Exercise inputs:

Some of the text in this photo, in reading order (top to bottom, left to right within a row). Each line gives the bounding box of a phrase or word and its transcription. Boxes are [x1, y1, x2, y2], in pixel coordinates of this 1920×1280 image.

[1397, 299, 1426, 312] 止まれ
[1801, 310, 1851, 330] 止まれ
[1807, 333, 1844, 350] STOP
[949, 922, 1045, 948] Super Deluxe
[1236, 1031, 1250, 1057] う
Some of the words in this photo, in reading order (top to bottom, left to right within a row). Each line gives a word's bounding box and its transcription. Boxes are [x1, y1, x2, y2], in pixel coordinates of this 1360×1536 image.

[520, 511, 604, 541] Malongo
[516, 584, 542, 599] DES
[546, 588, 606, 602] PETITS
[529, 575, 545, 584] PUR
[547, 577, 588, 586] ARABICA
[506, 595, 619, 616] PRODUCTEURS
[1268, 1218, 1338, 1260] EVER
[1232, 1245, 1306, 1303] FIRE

Problem statement: What should appear is an exact copy of the lines from the one with "Some of the words" through the end of the entries above, ends included, and no other text.

Exercise response:
Some of the words in this photo, in reading order (top to bottom, left to right within a row). Each line gives a word's bounding box and its transcription. Boxes are [x1, y1, x2, y2], in pixel coordinates of this 1360×1536 image.

[520, 511, 604, 541] Malongo
[516, 584, 542, 599] DES
[546, 588, 606, 602] PETITS
[529, 575, 545, 584] PUR
[547, 577, 588, 586] ARABICA
[506, 595, 619, 616] PRODUCTEURS
[1268, 1218, 1338, 1260] EVER
[1232, 1245, 1306, 1303] FIRE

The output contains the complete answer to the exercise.